In short, quality is a vibe. We now have metrics that claim to quantify it, but the way those metrics operate proves the point. Imagine a new global university ranking that does not place Ivy League or Oxbridge institutions at the very top. Who would take it seriously? We all know that those institutions are the best, so of course they should be at the top; we do not need metrics to confirm it.1 That is because these institutions have become the template of quality in higher education, largely due to geopolitical and historical factors rather than any purely “neutral” or “objective” academic benchmark.

Moreover, the way we measure something always depends on what can be measured and how it can be measured. In other words, it depends on the availability of quantifiable indicators. In an academic setting, research output, citations, prestigious awards, and similar metrics are the obvious candidates, but they do not indicate intrinsic quality by themselves, they only do so if we believe they do.

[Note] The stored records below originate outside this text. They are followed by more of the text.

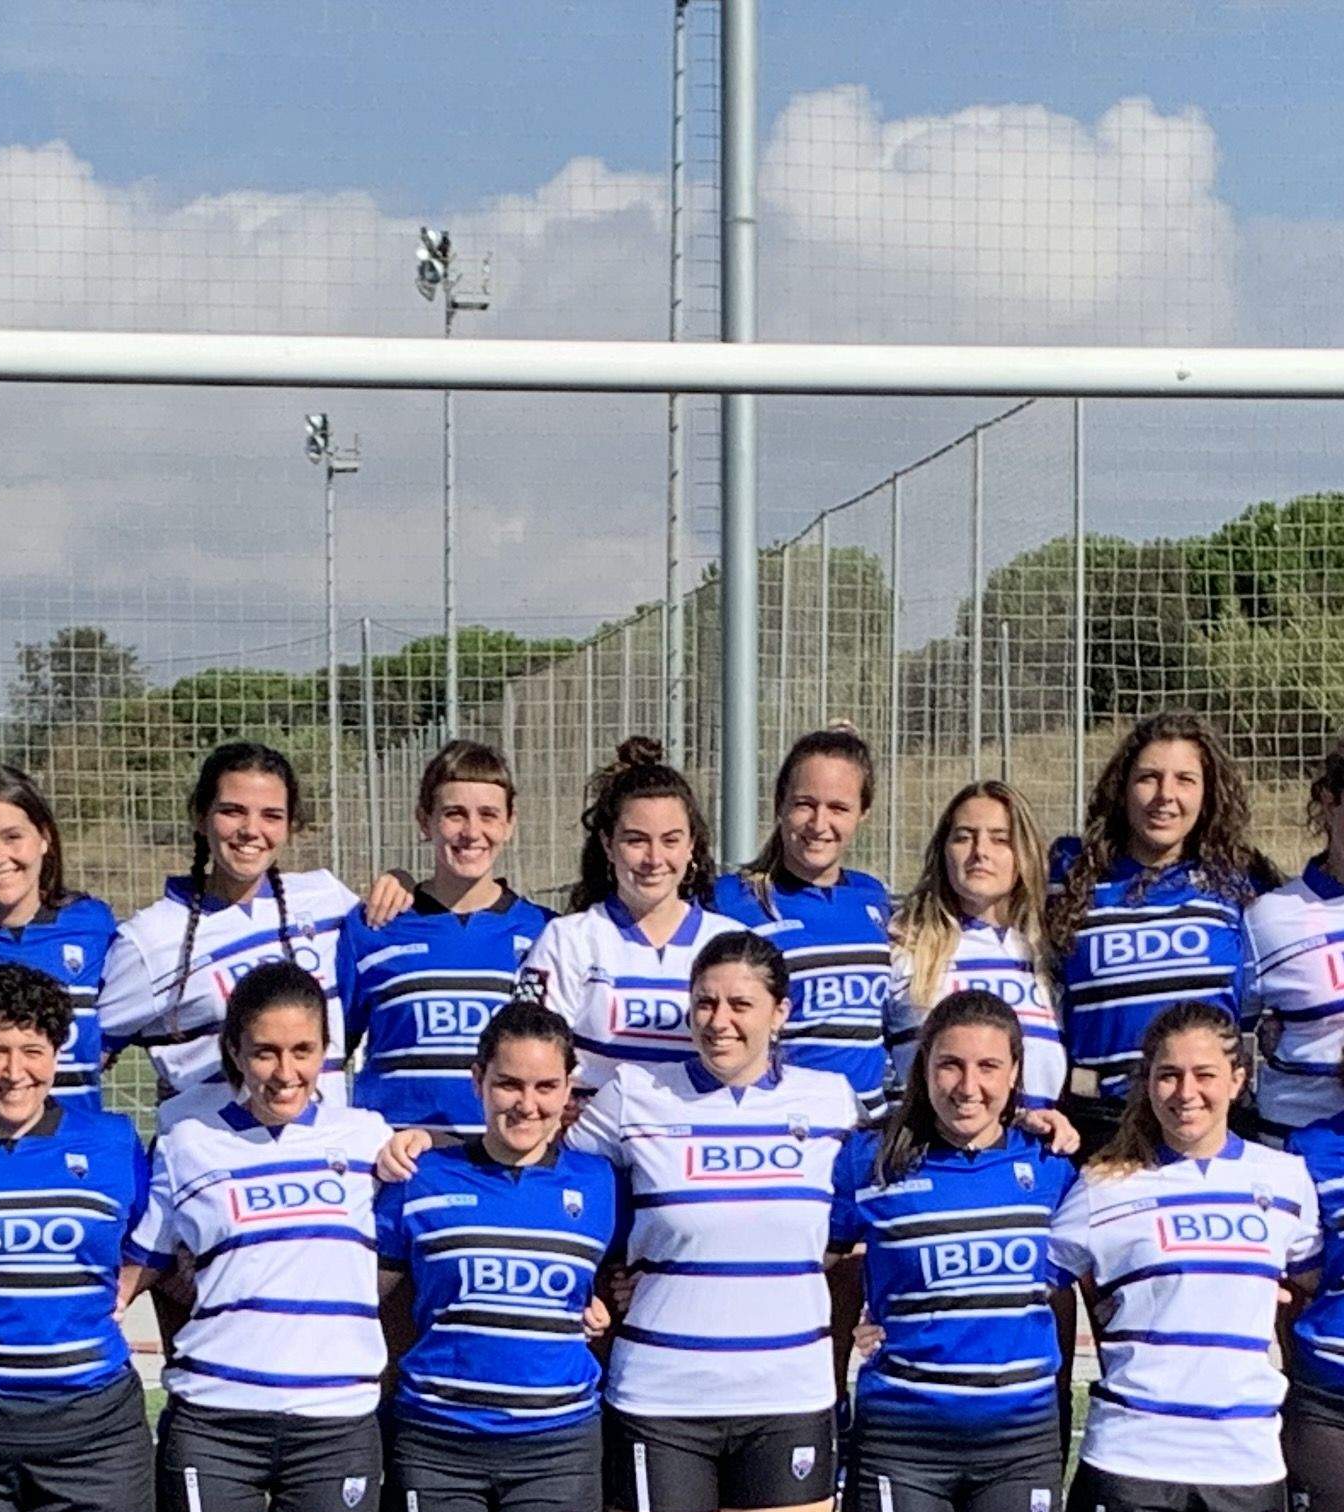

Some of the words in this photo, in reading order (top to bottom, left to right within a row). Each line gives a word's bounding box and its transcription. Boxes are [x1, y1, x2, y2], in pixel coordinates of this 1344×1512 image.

[1104, 925, 1209, 964] BDO
[817, 975, 890, 1008] BDO
[428, 1001, 503, 1034] BD
[625, 999, 691, 1030] BD
[702, 1144, 803, 1171] BDO
[246, 1180, 346, 1210] BDO
[1173, 1214, 1268, 1242] BDO
[938, 1238, 1037, 1274] BDO
[474, 1258, 576, 1297] BDO

Rephrasing Simon’s sentence, I would say that rank is indeed a strong signal of research capacity and visibility, but it is more a verdict on how effectively an institution has adopted an Anglo-Saxon model of higher education than a measure of an abstract concept of quality.

China is not just another player

Although the authors highlight the large sums of money that the Chinese government has invested in its higher education system since the 1980s, they fail to acknowledge that China also produced the first global university ranking in 2003: the well-known Shanghai Ranking. Arguably, this is the most “objective” of the major rankings, in the sense that it relies exclulsively on third-party indicators rather than institutional self-reporting or reputation surveys (as in the QS and Times Higher Education rankings).

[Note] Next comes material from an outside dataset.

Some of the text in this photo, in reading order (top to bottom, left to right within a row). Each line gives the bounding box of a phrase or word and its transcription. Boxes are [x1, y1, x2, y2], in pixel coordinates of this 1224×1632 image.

China therefore helped set a significant part of the rules of the game at a very early stage. From that perspective, its rise appears even less surprising. It has been playing extremely well in a game it helped to launch, and doing so at the expense of US institutions. There is nothing scandalous about this; it reflects structural probabilities. The United States has the largest number of higher education institutions in the world, so the likelihood that a substantial share of ranked institutions would be USeñas is correspondingly high.

On cheating the system

The authors hint that China’s strong performance may partly reflect manipulation. They cite a few cases, only to conclude that overall quality has nevertheless improved. But this is not uniquely Chinese. There are numerous documented cases especially in rankings such as QS (and also in national rankings) where gaming the system is relatively straightforward. Universities self-report their data, and sometimes there are “mistakes”. It happens in the East and in the West alike.

But let us return to rankings themselves. One could argue that rankings are a form of institutionalised cheating. How can we meaningfully rank culturally diverse institutions, each composed of multiple semi-autonomous units (faculties, departments, research centres)? When one department builds on Durkheim and another on Weber, what exactly are we comparing? We already know that output does not guarantee “quality”. Citations do not guarantee it either; a paper can be widely cited because it is deeply flawed. That happens too. However, despite these obvious flaws, we play dumb and accept rankings.


Global university rankings are, bluntly put, nonsense. Analytically, they function as tools for comparing institutions against an Anglo-Saxon model exemplified by Oxbridge and the Ivy League, and that is being generous. Socially, they are mobilised for far more purposes, and their influence rests on the belief that they are objective and fair. They are neither. They cannot be. For a more detailed argument, see my thesis.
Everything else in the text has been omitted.